* Work request:
Produce a word-for-word copy of the data that follows, excluding images.

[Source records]
[Start of section]

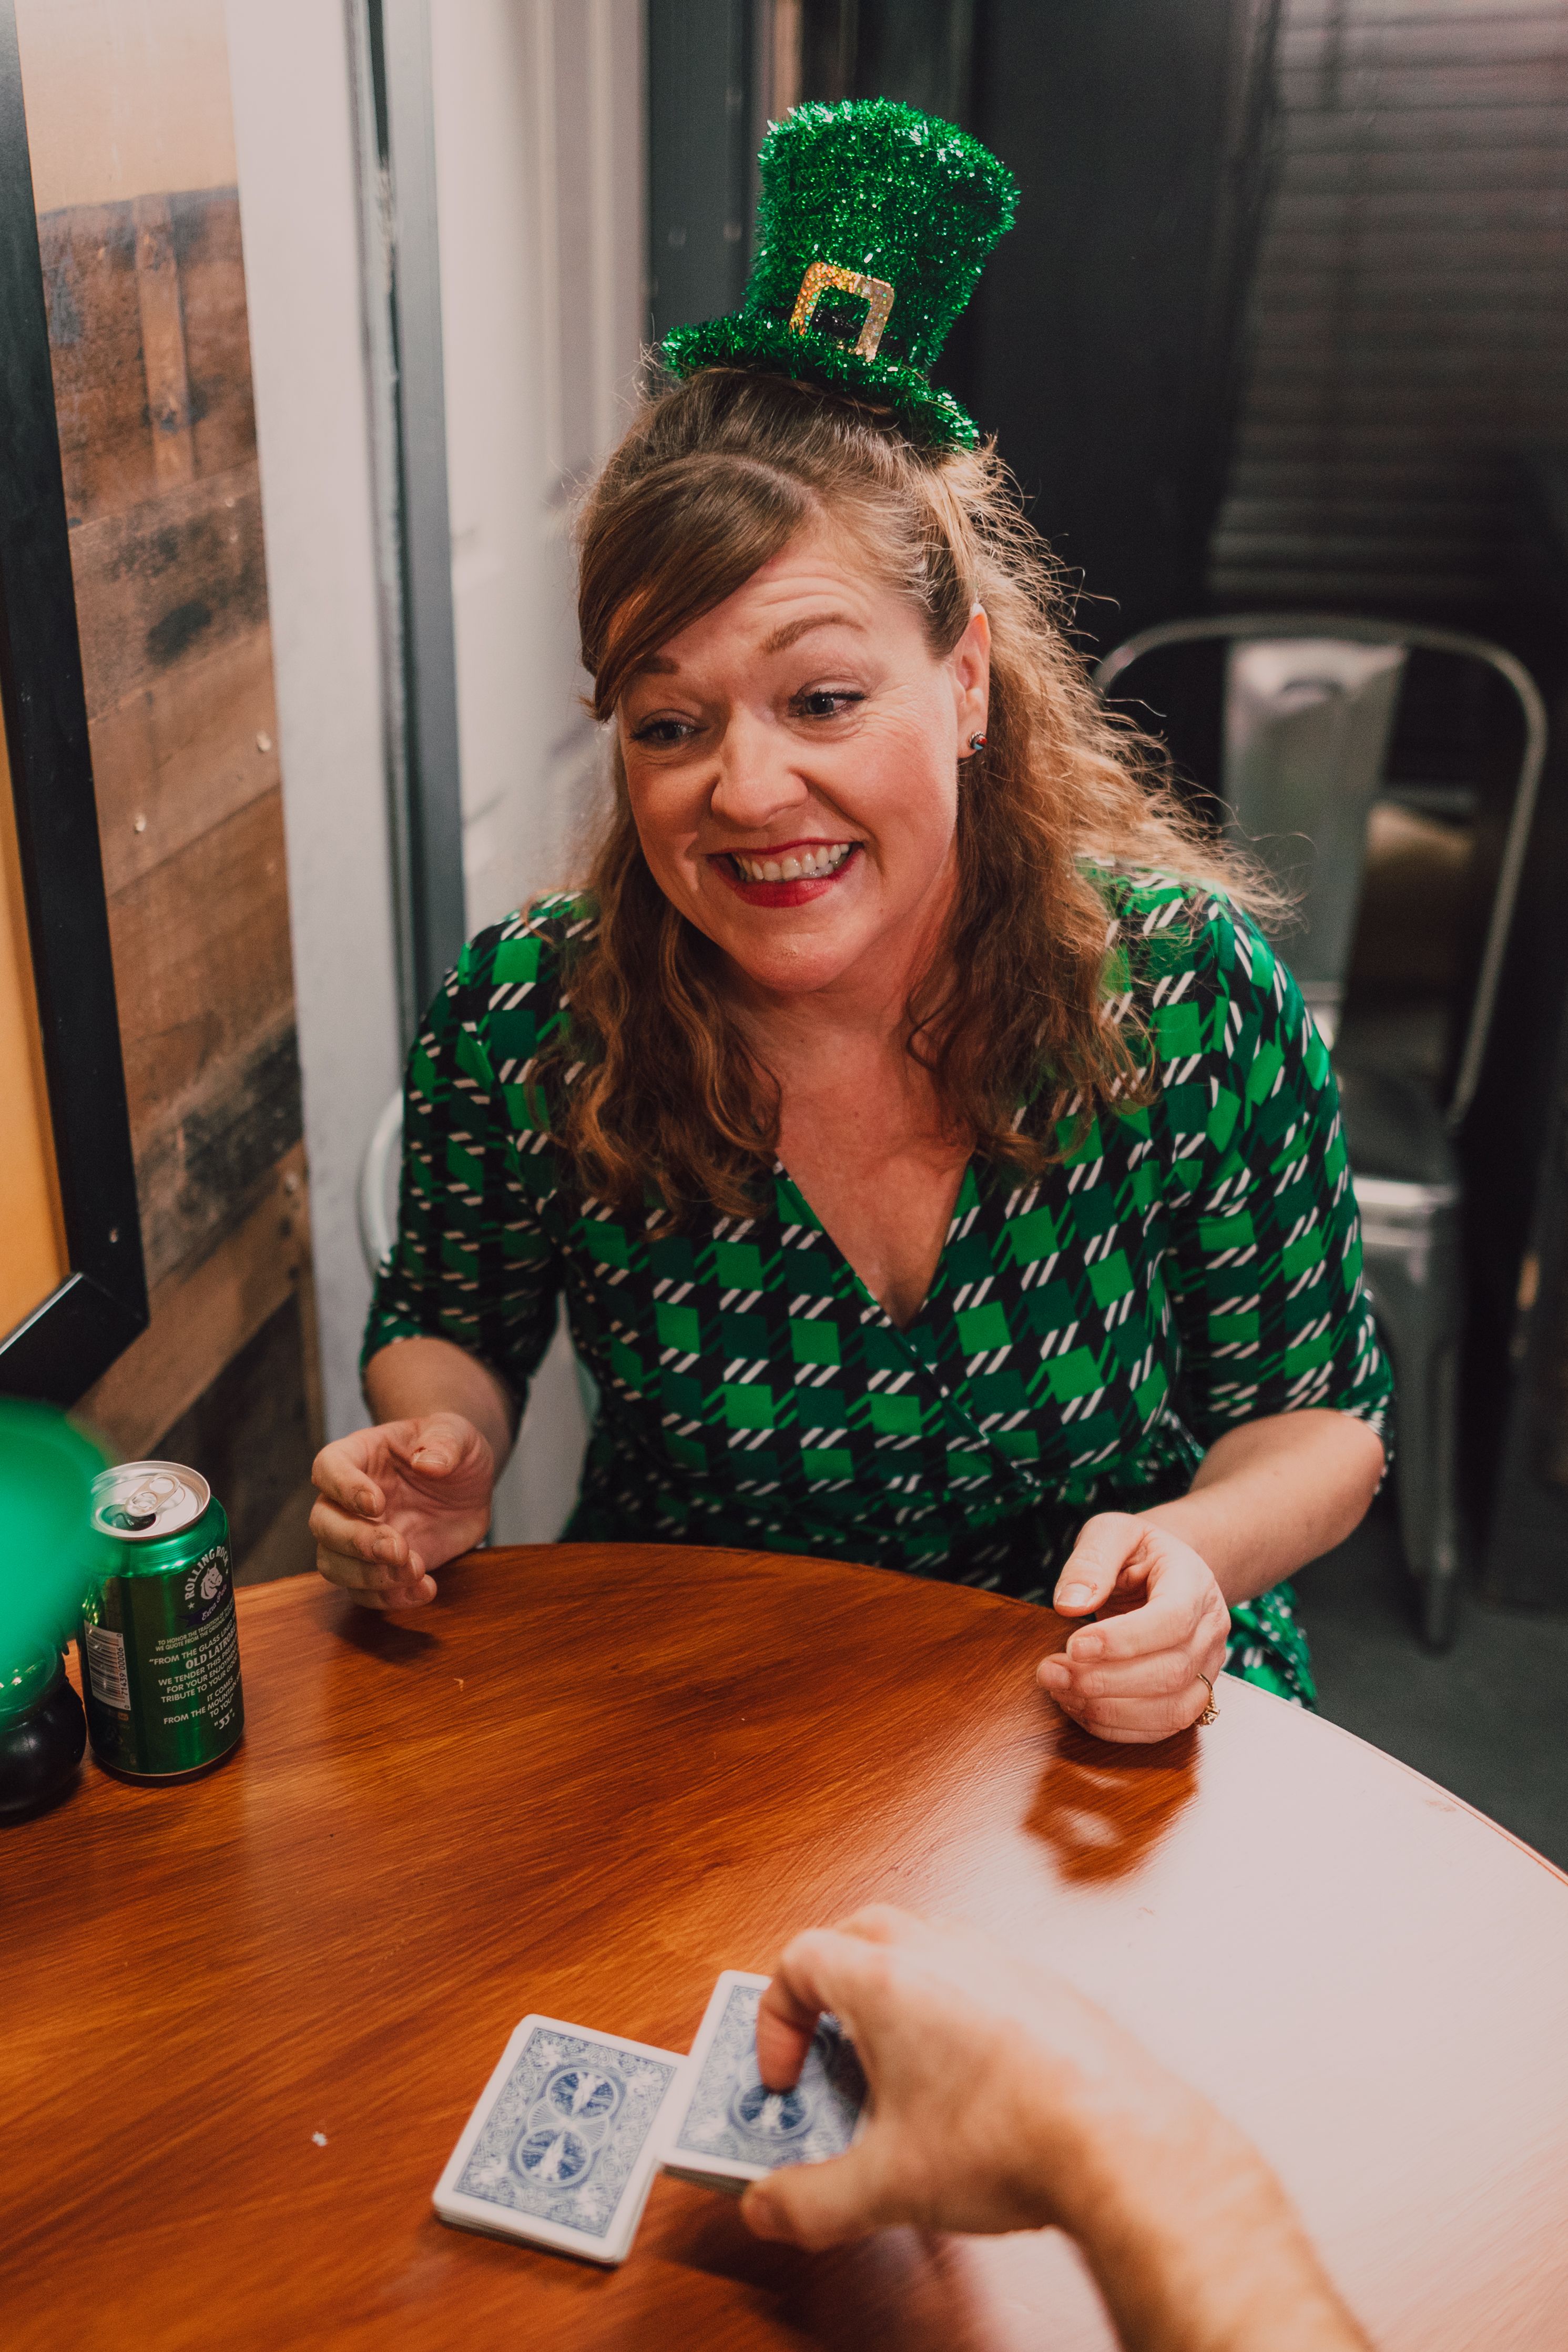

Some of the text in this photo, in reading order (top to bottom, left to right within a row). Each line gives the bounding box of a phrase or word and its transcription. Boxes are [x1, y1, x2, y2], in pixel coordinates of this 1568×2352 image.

[185, 1546, 229, 1600] ROLLING ROCK
[202, 1603, 217, 1621] Extra
[167, 1634, 187, 1644] HONOR
[198, 1617, 219, 1633] TRADITION
[165, 1641, 184, 1650] QUOTE
[185, 1635, 199, 1644] FROM
[181, 1648, 197, 1658] THE
[199, 1635, 220, 1652] GLASS
[117, 1647, 125, 1671] 00006
[175, 1666, 205, 1683] TENDER
[207, 1657, 221, 1670] THIS
[186, 1654, 207, 1669] OLD
[119, 1673, 128, 1696] 71439
[161, 1689, 195, 1703] TRIBUTE
[197, 1684, 207, 1693] TO
[209, 1670, 226, 1687] YOUR
[167, 1684, 184, 1693] FOR
[186, 1674, 208, 1688] YOUR
[207, 1693, 213, 1702] IT
[215, 1675, 233, 1697] COMES
[164, 1681, 237, 1725] FROM THE MOUNTAIN
[210, 1708, 219, 1718] TO

[End of section]

* Output of the task:
Some of the text in this photo, in reading order (top to bottom, left to right within a row). Each line gives the bounding box of a phrase or word and its transcription. Boxes are [x1, y1, x2, y2], in pixel coordinates of this 1568×2352 image.

[185, 1546, 229, 1600] ROLLING ROCK
[202, 1603, 217, 1621] Extra
[167, 1634, 187, 1644] HONOR
[198, 1617, 219, 1633] TRADITION
[165, 1641, 184, 1650] QUOTE
[185, 1635, 199, 1644] FROM
[181, 1648, 197, 1658] THE
[199, 1635, 220, 1652] GLASS
[117, 1647, 125, 1671] 00006
[175, 1666, 205, 1683] TENDER
[207, 1657, 221, 1670] THIS
[186, 1654, 207, 1669] OLD
[119, 1673, 128, 1696] 71439
[161, 1689, 195, 1703] TRIBUTE
[197, 1684, 207, 1693] TO
[209, 1670, 226, 1687] YOUR
[167, 1684, 184, 1693] FOR
[186, 1674, 208, 1688] YOUR
[207, 1693, 213, 1702] IT
[215, 1675, 233, 1697] COMES
[164, 1681, 237, 1725] FROM THE MOUNTAIN
[210, 1708, 219, 1718] TO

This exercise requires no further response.